About this task> Write out the data exactly, keeping every line.

****************************************

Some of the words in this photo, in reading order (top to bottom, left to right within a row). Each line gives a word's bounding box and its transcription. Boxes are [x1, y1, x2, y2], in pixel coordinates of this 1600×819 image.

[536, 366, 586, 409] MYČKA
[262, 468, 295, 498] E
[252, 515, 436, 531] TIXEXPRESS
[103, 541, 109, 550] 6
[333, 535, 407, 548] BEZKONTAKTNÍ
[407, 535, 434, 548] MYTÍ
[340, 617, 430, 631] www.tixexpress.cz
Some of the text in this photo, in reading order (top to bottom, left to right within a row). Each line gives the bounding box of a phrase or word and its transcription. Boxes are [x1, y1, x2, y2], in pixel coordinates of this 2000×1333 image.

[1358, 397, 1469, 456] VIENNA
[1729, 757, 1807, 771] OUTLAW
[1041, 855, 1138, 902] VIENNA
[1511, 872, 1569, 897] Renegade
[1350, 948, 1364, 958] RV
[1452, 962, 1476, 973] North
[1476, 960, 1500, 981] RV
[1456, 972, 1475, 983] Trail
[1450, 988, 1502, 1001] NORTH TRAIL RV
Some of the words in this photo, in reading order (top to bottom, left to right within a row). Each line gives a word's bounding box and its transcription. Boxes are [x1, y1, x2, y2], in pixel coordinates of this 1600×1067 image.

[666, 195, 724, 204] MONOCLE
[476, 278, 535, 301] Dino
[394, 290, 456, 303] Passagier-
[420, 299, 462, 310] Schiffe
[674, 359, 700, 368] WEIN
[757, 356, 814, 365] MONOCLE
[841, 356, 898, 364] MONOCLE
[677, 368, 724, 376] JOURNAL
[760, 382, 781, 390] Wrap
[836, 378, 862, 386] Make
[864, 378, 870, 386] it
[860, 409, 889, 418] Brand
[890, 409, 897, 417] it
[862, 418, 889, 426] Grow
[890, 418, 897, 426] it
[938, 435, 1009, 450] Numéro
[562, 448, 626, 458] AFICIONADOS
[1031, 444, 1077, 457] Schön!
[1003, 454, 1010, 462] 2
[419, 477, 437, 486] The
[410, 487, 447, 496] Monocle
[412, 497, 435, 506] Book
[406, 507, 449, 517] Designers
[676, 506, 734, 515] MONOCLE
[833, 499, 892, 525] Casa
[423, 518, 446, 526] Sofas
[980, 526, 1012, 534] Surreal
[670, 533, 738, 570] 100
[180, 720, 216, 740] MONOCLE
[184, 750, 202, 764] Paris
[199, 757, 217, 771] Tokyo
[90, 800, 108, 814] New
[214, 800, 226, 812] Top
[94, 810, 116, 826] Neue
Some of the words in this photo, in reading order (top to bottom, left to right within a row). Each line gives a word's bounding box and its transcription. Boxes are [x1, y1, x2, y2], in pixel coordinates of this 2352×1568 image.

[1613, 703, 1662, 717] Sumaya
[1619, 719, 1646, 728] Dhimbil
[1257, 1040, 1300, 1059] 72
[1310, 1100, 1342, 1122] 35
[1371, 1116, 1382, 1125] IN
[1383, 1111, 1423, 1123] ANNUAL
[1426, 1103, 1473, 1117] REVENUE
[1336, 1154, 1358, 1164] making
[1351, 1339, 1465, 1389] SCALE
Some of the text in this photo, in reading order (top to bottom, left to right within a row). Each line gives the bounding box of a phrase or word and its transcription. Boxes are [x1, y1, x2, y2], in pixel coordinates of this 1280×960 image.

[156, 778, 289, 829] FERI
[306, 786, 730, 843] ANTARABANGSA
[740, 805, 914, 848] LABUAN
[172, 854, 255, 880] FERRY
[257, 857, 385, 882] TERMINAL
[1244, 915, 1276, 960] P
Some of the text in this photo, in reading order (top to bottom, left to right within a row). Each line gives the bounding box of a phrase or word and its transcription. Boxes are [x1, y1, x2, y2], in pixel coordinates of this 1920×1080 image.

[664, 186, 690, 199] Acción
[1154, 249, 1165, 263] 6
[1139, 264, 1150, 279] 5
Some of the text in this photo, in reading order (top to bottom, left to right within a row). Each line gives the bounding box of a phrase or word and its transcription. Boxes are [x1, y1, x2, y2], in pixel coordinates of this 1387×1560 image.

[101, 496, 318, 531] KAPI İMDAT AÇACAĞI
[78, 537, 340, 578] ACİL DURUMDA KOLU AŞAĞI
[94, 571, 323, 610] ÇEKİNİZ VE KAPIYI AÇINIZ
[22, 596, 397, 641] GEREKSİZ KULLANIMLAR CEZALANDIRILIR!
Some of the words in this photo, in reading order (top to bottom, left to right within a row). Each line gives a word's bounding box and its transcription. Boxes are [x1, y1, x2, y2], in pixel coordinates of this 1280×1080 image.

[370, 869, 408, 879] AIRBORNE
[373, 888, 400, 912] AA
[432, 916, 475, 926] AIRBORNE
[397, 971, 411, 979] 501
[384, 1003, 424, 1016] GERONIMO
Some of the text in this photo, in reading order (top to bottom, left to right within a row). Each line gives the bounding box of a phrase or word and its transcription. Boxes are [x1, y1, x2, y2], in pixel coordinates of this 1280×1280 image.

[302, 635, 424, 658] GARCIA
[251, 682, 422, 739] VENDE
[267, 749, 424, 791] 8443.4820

****************************************

Worked solution>
Some of the words in this photo, in reading order (top to bottom, left to right within a row). Each line gives a word's bounding box and its transcription. Boxes are [x1, y1, x2, y2], in pixel coordinates of this 1600×819 image.

[536, 366, 586, 409] MYČKA
[262, 468, 295, 498] E
[252, 515, 436, 531] TIXEXPRESS
[103, 541, 109, 550] 6
[333, 535, 407, 548] BEZKONTAKTNÍ
[407, 535, 434, 548] MYTÍ
[340, 617, 430, 631] www.tixexpress.cz
Some of the text in this photo, in reading order (top to bottom, left to right within a row). Each line gives the bounding box of a phrase or word and its transcription. Boxes are [x1, y1, x2, y2], in pixel coordinates of this 2000×1333 image.

[1358, 397, 1469, 456] VIENNA
[1729, 757, 1807, 771] OUTLAW
[1041, 855, 1138, 902] VIENNA
[1511, 872, 1569, 897] Renegade
[1350, 948, 1364, 958] RV
[1452, 962, 1476, 973] North
[1476, 960, 1500, 981] RV
[1456, 972, 1475, 983] Trail
[1450, 988, 1502, 1001] NORTH TRAIL RV
Some of the words in this photo, in reading order (top to bottom, left to right within a row). Each line gives a word's bounding box and its transcription. Boxes are [x1, y1, x2, y2], in pixel coordinates of this 1600×1067 image.

[666, 195, 724, 204] MONOCLE
[476, 278, 535, 301] Dino
[394, 290, 456, 303] Passagier-
[420, 299, 462, 310] Schiffe
[674, 359, 700, 368] WEIN
[757, 356, 814, 365] MONOCLE
[841, 356, 898, 364] MONOCLE
[677, 368, 724, 376] JOURNAL
[760, 382, 781, 390] Wrap
[836, 378, 862, 386] Make
[864, 378, 870, 386] it
[860, 409, 889, 418] Brand
[890, 409, 897, 417] it
[862, 418, 889, 426] Grow
[890, 418, 897, 426] it
[938, 435, 1009, 450] Numéro
[562, 448, 626, 458] AFICIONADOS
[1031, 444, 1077, 457] Schön!
[1003, 454, 1010, 462] 2
[419, 477, 437, 486] The
[410, 487, 447, 496] Monocle
[412, 497, 435, 506] Book
[406, 507, 449, 517] Designers
[676, 506, 734, 515] MONOCLE
[833, 499, 892, 525] Casa
[423, 518, 446, 526] Sofas
[980, 526, 1012, 534] Surreal
[670, 533, 738, 570] 100
[180, 720, 216, 740] MONOCLE
[184, 750, 202, 764] Paris
[199, 757, 217, 771] Tokyo
[90, 800, 108, 814] New
[214, 800, 226, 812] Top
[94, 810, 116, 826] Neue
Some of the words in this photo, in reading order (top to bottom, left to right within a row). Each line gives a word's bounding box and its transcription. Boxes are [x1, y1, x2, y2], in pixel coordinates of this 2352×1568 image.

[1613, 703, 1662, 717] Sumaya
[1619, 719, 1646, 728] Dhimbil
[1257, 1040, 1300, 1059] 72
[1310, 1100, 1342, 1122] 35
[1371, 1116, 1382, 1125] IN
[1383, 1111, 1423, 1123] ANNUAL
[1426, 1103, 1473, 1117] REVENUE
[1336, 1154, 1358, 1164] making
[1351, 1339, 1465, 1389] SCALE
Some of the text in this photo, in reading order (top to bottom, left to right within a row). Each line gives the bounding box of a phrase or word and its transcription. Boxes are [x1, y1, x2, y2], in pixel coordinates of this 1280×960 image.

[156, 778, 289, 829] FERI
[306, 786, 730, 843] ANTARABANGSA
[740, 805, 914, 848] LABUAN
[172, 854, 255, 880] FERRY
[257, 857, 385, 882] TERMINAL
[1244, 915, 1276, 960] P
Some of the text in this photo, in reading order (top to bottom, left to right within a row). Each line gives the bounding box of a phrase or word and its transcription. Boxes are [x1, y1, x2, y2], in pixel coordinates of this 1920×1080 image.

[664, 186, 690, 199] Acción
[1154, 249, 1165, 263] 6
[1139, 264, 1150, 279] 5
Some of the text in this photo, in reading order (top to bottom, left to right within a row). Each line gives the bounding box of a phrase or word and its transcription. Boxes are [x1, y1, x2, y2], in pixel coordinates of this 1387×1560 image.

[101, 496, 318, 531] KAPI İMDAT AÇACAĞI
[78, 537, 340, 578] ACİL DURUMDA KOLU AŞAĞI
[94, 571, 323, 610] ÇEKİNİZ VE KAPIYI AÇINIZ
[22, 596, 397, 641] GEREKSİZ KULLANIMLAR CEZALANDIRILIR!
Some of the words in this photo, in reading order (top to bottom, left to right within a row). Each line gives a word's bounding box and its transcription. Boxes are [x1, y1, x2, y2], in pixel coordinates of this 1280×1080 image.

[370, 869, 408, 879] AIRBORNE
[373, 888, 400, 912] AA
[432, 916, 475, 926] AIRBORNE
[397, 971, 411, 979] 501
[384, 1003, 424, 1016] GERONIMO
Some of the text in this photo, in reading order (top to bottom, left to right within a row). Each line gives the bounding box of a phrase or word and its transcription. Boxes are [x1, y1, x2, y2], in pixel coordinates of this 1280×1280 image.

[302, 635, 424, 658] GARCIA
[251, 682, 422, 739] VENDE
[267, 749, 424, 791] 8443.4820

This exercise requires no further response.